- Task: Return all the entries word for word, minus the pictures.

(Spatial localization data)
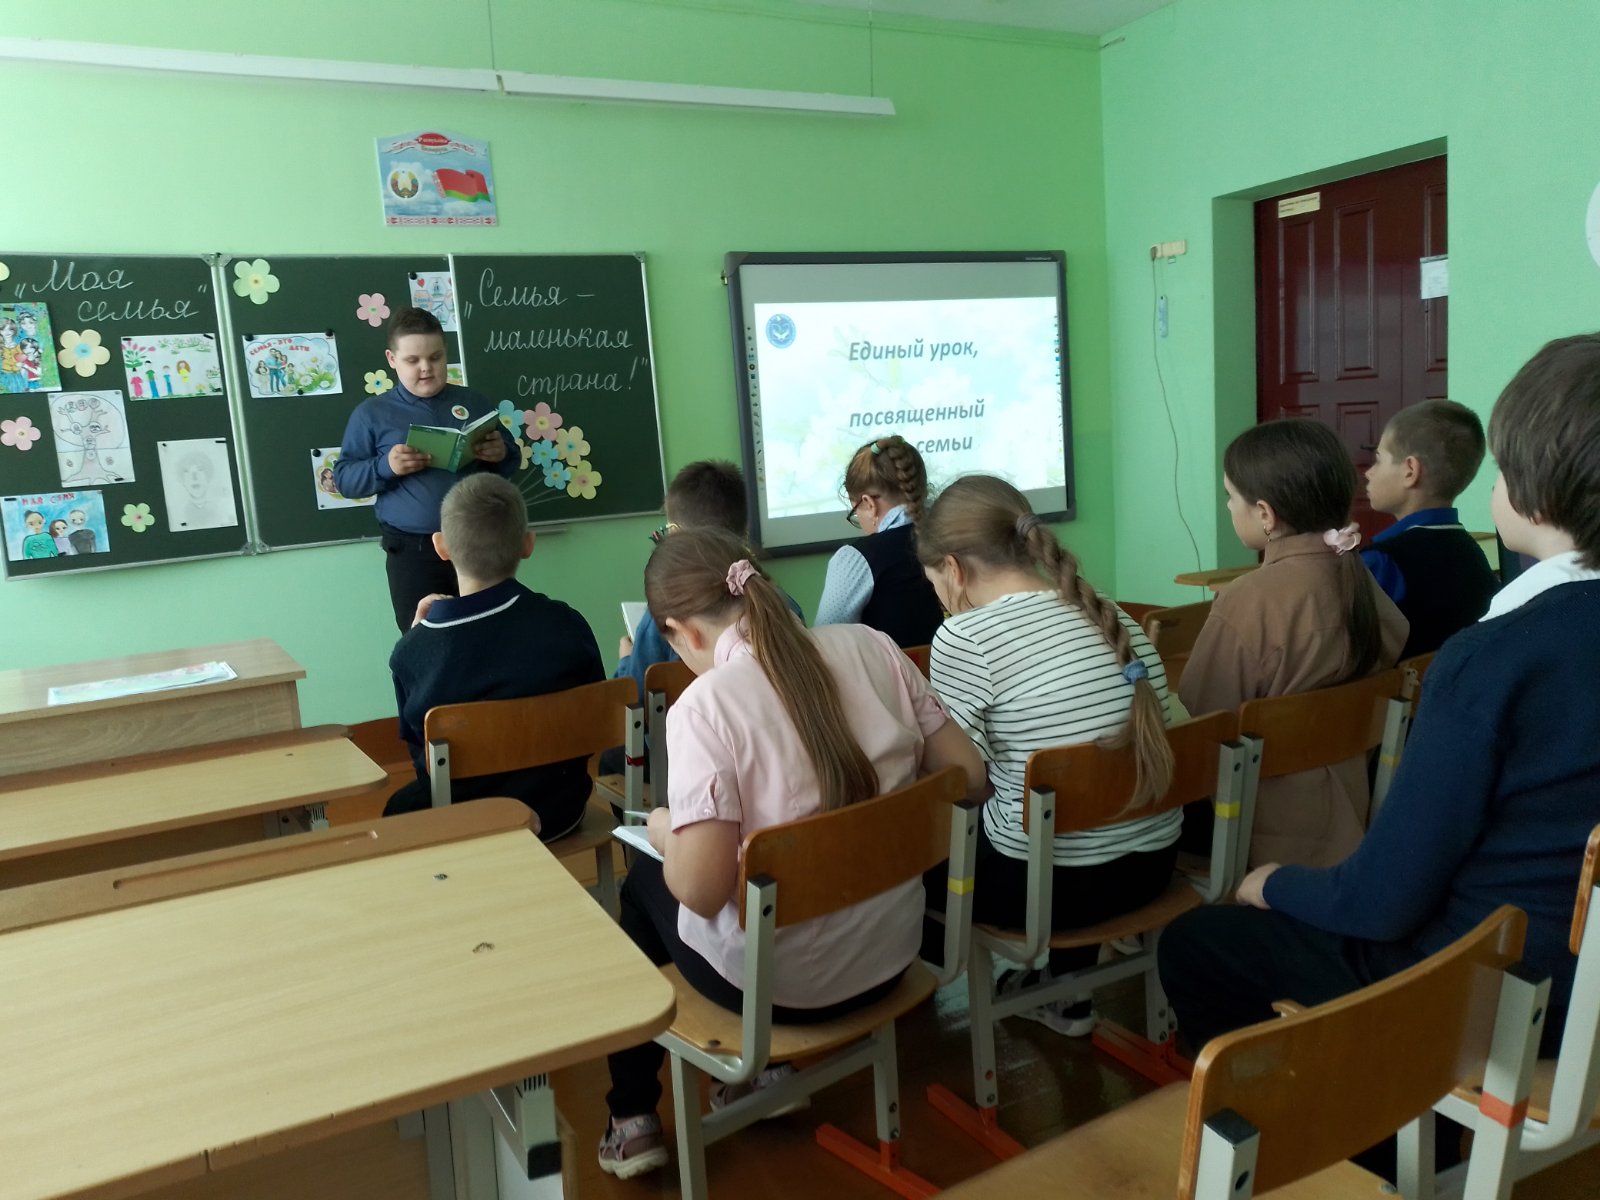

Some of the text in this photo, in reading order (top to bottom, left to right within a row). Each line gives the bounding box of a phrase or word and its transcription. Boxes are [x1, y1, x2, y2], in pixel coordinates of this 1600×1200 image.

[484, 327, 635, 353] маленькая
[848, 338, 979, 362] Единый урок,
[849, 398, 985, 427] посвященный
[916, 435, 973, 455] семьи
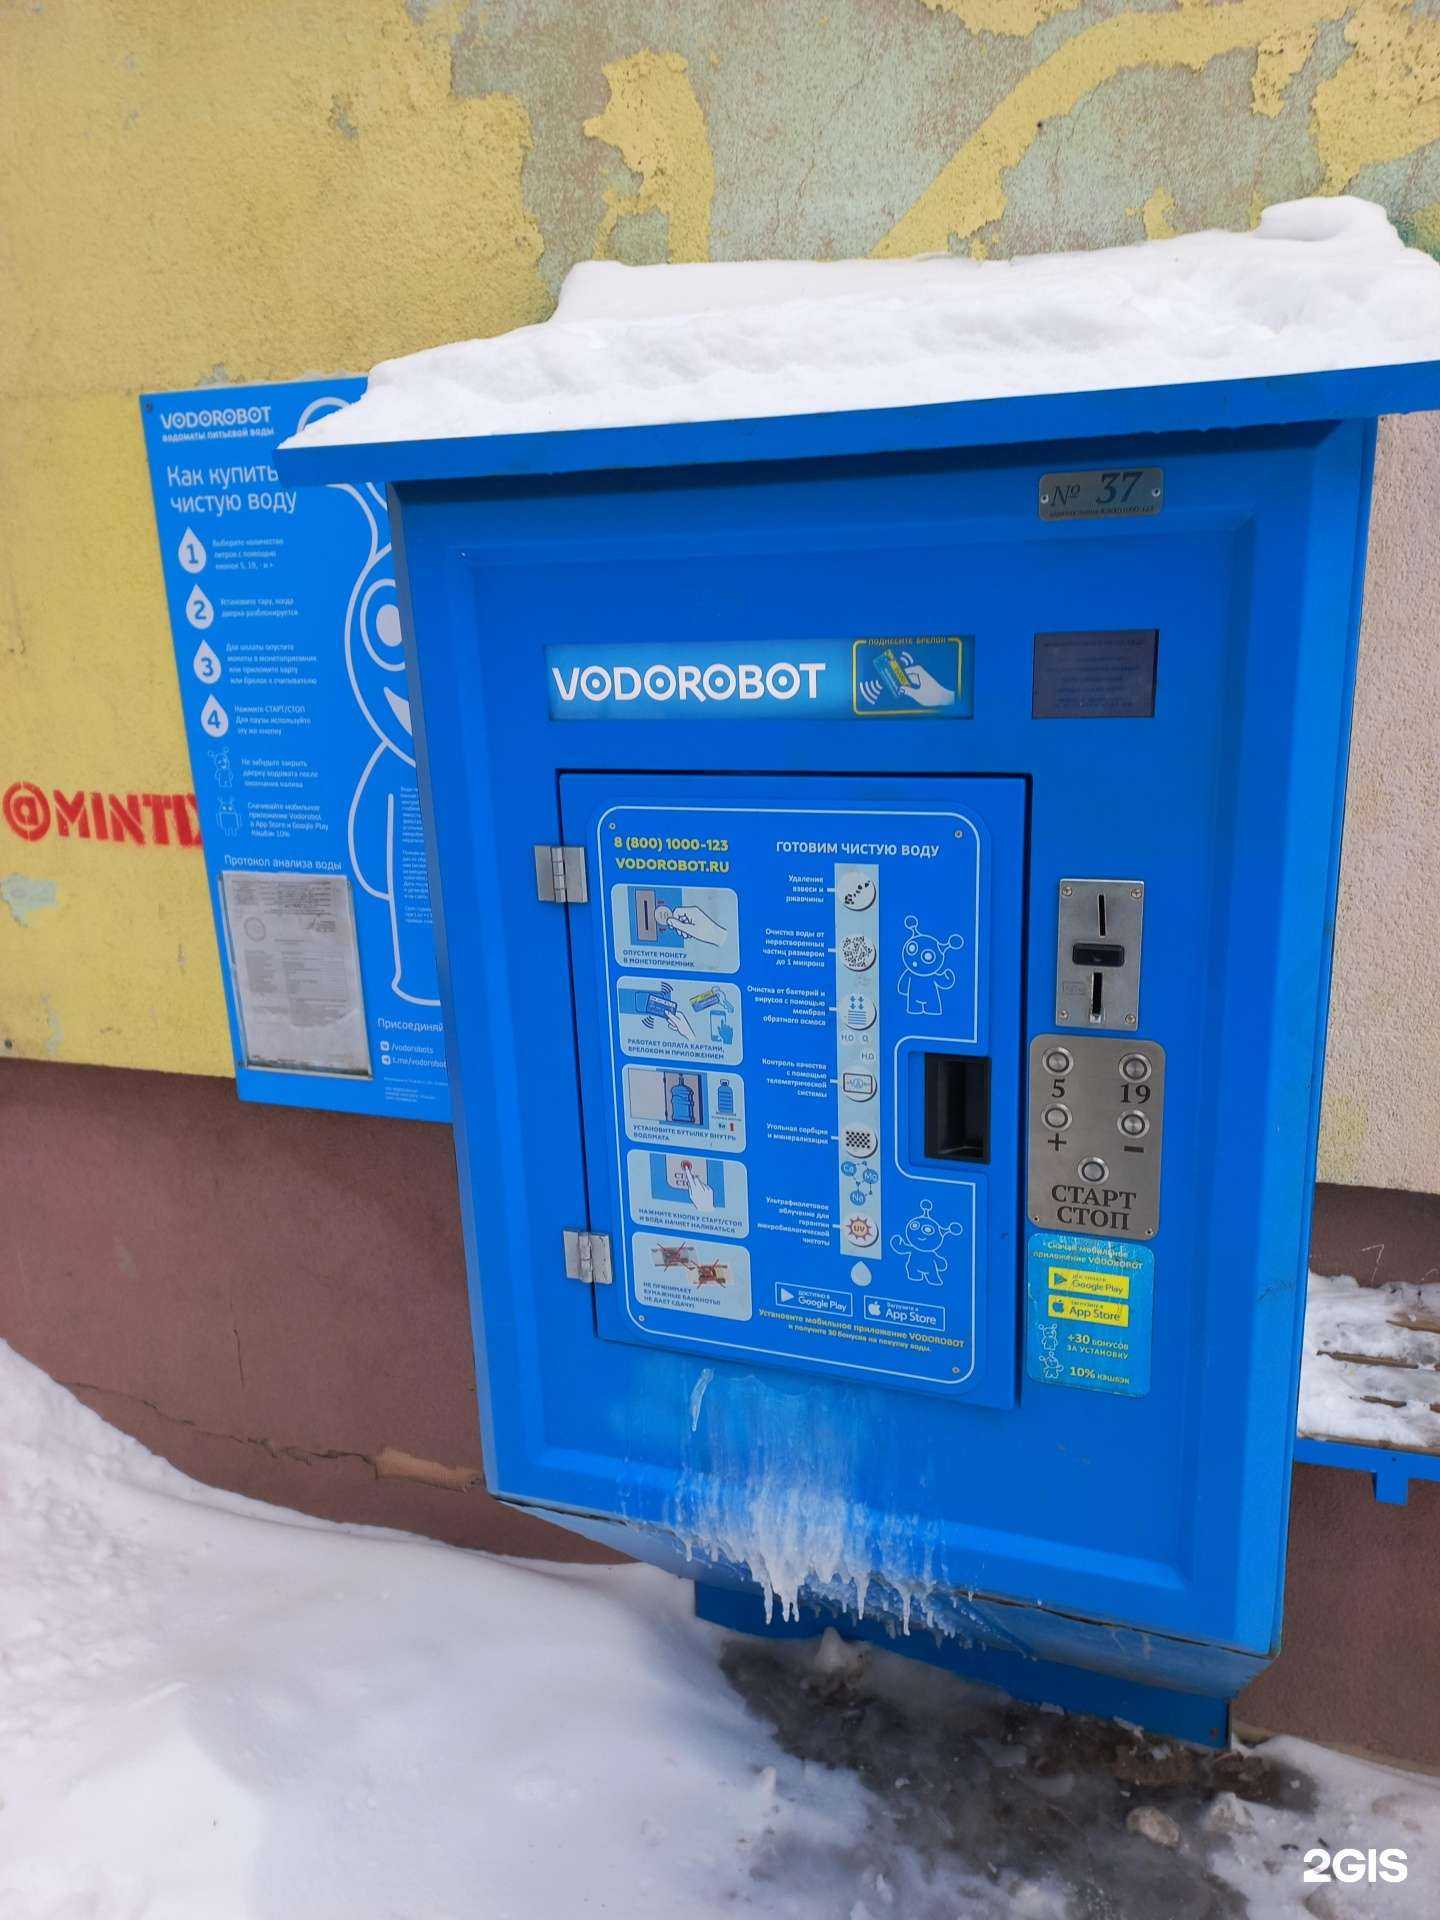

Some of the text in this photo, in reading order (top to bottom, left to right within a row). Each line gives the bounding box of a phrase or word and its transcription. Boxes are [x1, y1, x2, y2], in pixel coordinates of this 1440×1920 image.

- Reply to the exercise:
Some of the text in this photo, in reading order (top to bottom, left to right within a row). Each line gives the bounding box of a phrase or word and its transcription. Boxes are [x1, y1, x2, y2], in pixel coordinates of this 1600×1200 image.

[484, 327, 635, 353] маленькая
[848, 338, 979, 362] Единый урок,
[849, 398, 985, 427] посвященный
[916, 435, 973, 455] семьи

Some of the text in this photo, in reading order (top to bottom, left to right within a row). Each line gives the bounding box of a phrase or word and its transcription. Boxes are [x1, y1, x2, y2], in pixel coordinates of this 1440×1920 image.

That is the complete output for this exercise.